Based on the tick interval it is possible to determine the initial duration of the animation:

int intervalInMinutes = 5;
int ingameAnimationDurationInMinutes = 60 * 24;
int nbTicks = ingameAnimationDurationInMinutes / 5; // = 288
int durationInMs = 100 * nbTicks; // 28800 ms = 28.8s

However it is possible that the tick interval changes at any time (eg 5 minutes -> 30 minutes). This means that the remaining animation should be sped up by factor 6. At this point I see the following options:

• Update the duration of the animation. For a PathTransition this seems easy, but other approaches (like KeyFrame animation) might have an issue here.
• Stop the running animation and reinitialize the animation from the current position. I think this could be difficult as the current location may not match with one of the control points in the curve, which would mean that the curve (or at least the first segment) needs to be recalculated.
• Create the animation iteratively: animate along the curve only for one tick. For this approach the same issues apply as for the one above: When the animation is finished the position of the animated object must be at a control point. If the tick interval changes the segments between the control points change as well.

External update

The position of the animated object needs to be updated in it's model so other parts of the code can react to the changed position. I can envision various scenarios here:

• On each tick query the position of the object that is animated and update the position in it's model
• Animation updates the position of the object. For this approach however I would probably need an KeyFrame animation or even a KeyFrame animation together with an Interpolator .
• Do not use one of the built in animations, but update the position on each tick (as there are only 10 ticks/s this will not result in a smooth animation)

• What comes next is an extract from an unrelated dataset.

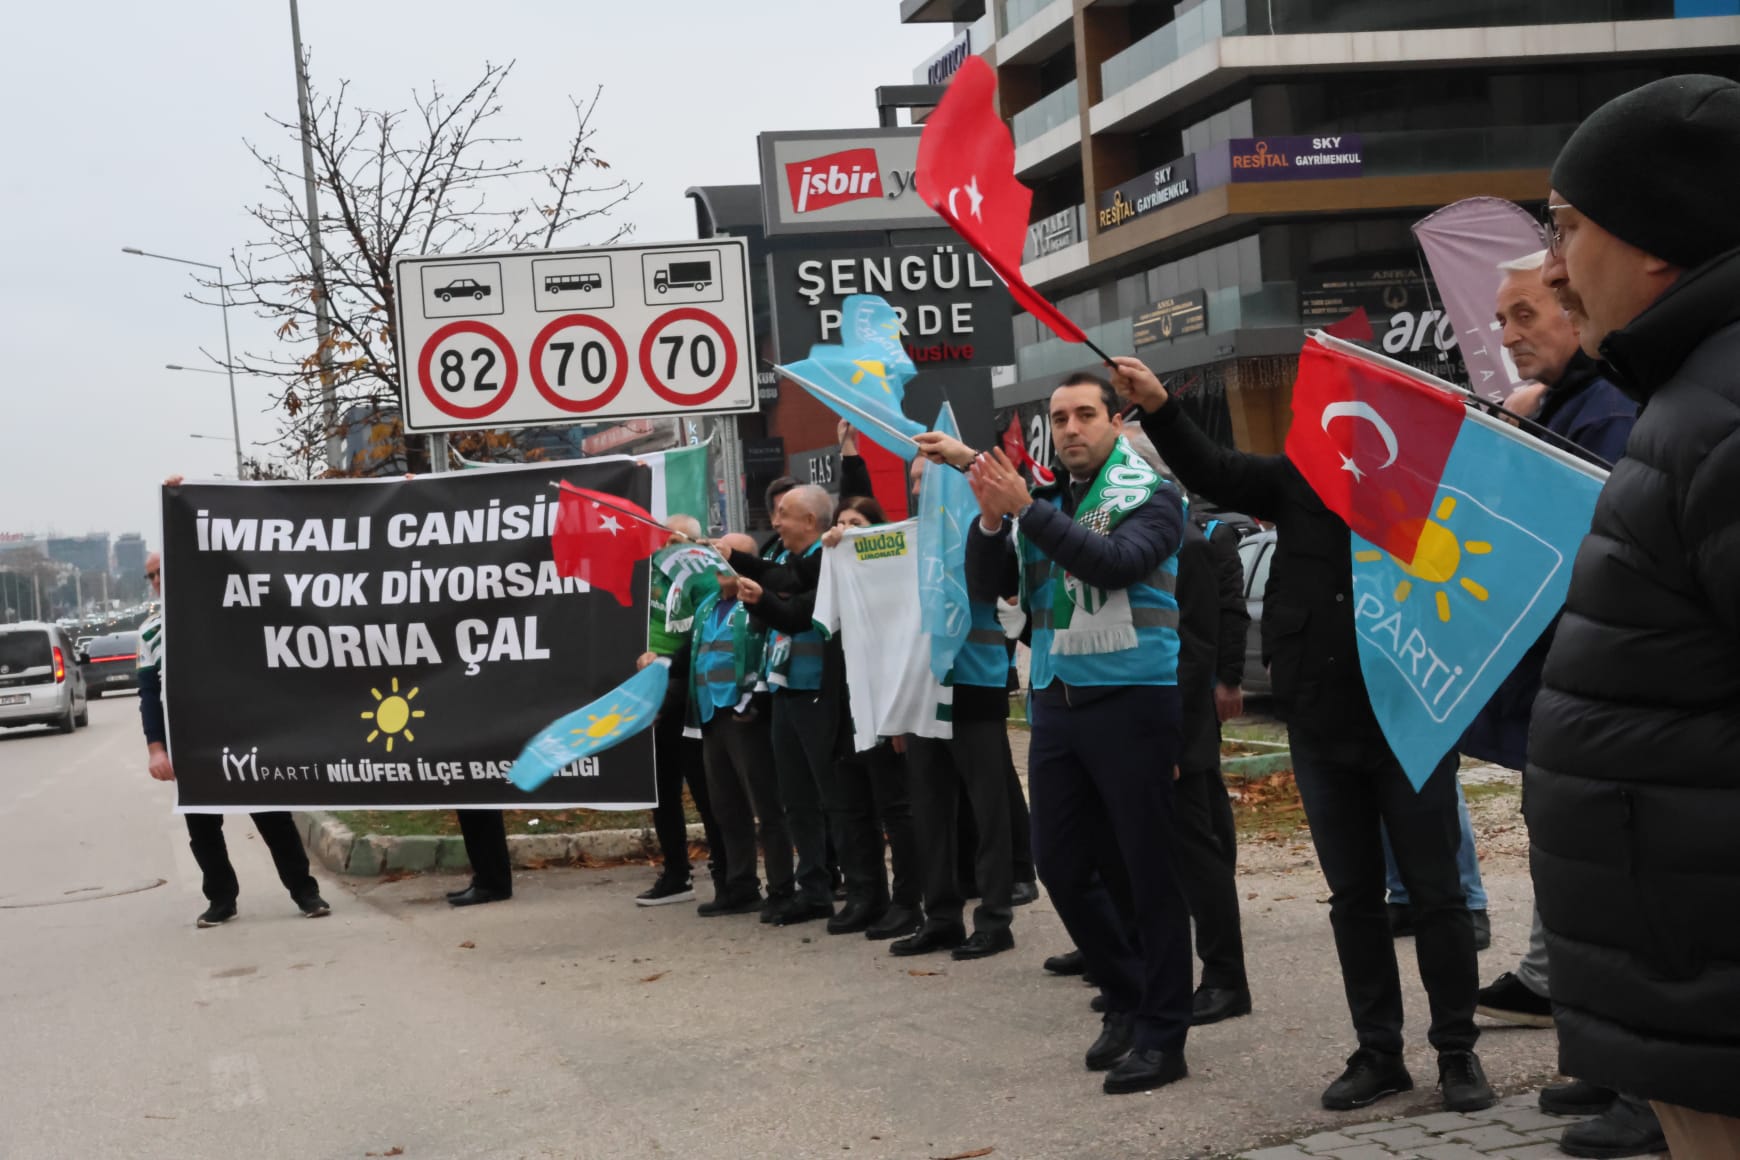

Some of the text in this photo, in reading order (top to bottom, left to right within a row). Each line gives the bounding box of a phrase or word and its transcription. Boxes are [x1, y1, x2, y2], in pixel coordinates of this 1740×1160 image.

What is a good approach to address these requirements without making the solution too complicated? It is well possible that there are aspects that I have overlooked or even other options that I am unaware of.

Answer 1

If you switch right now to Bezier curves, I think your problem is instantly solved. Bezier curves have a parameter space, usually [0,1], which somewhat translates to speed (the argument of a curve is usually named t for time in mathematics for a reason). Therefore, if you have your curve, either as an actual polynom or as some control points that you evaluate by de Casteljau, all you need to know about your progression on the curve is the progression within the parameter space.

Therefore, a tick would be a certain distance within the parameter space, like 1/1000 if 1000 ticks is how many ticks it takes to finish the curve. You'd simply add 1/1000 to the current value of the parameter and evaluate your curve for that one.

If that's not smooth enough for you, then you could do the following: Think of as the next ticks position as where you want to be and do an animation to that from your current position in linear manner. If your ticks subdivide the curve fine enough, nobody will be able to see the linear segments (this should suffice for a game, wouldn't do it for a cutting machine).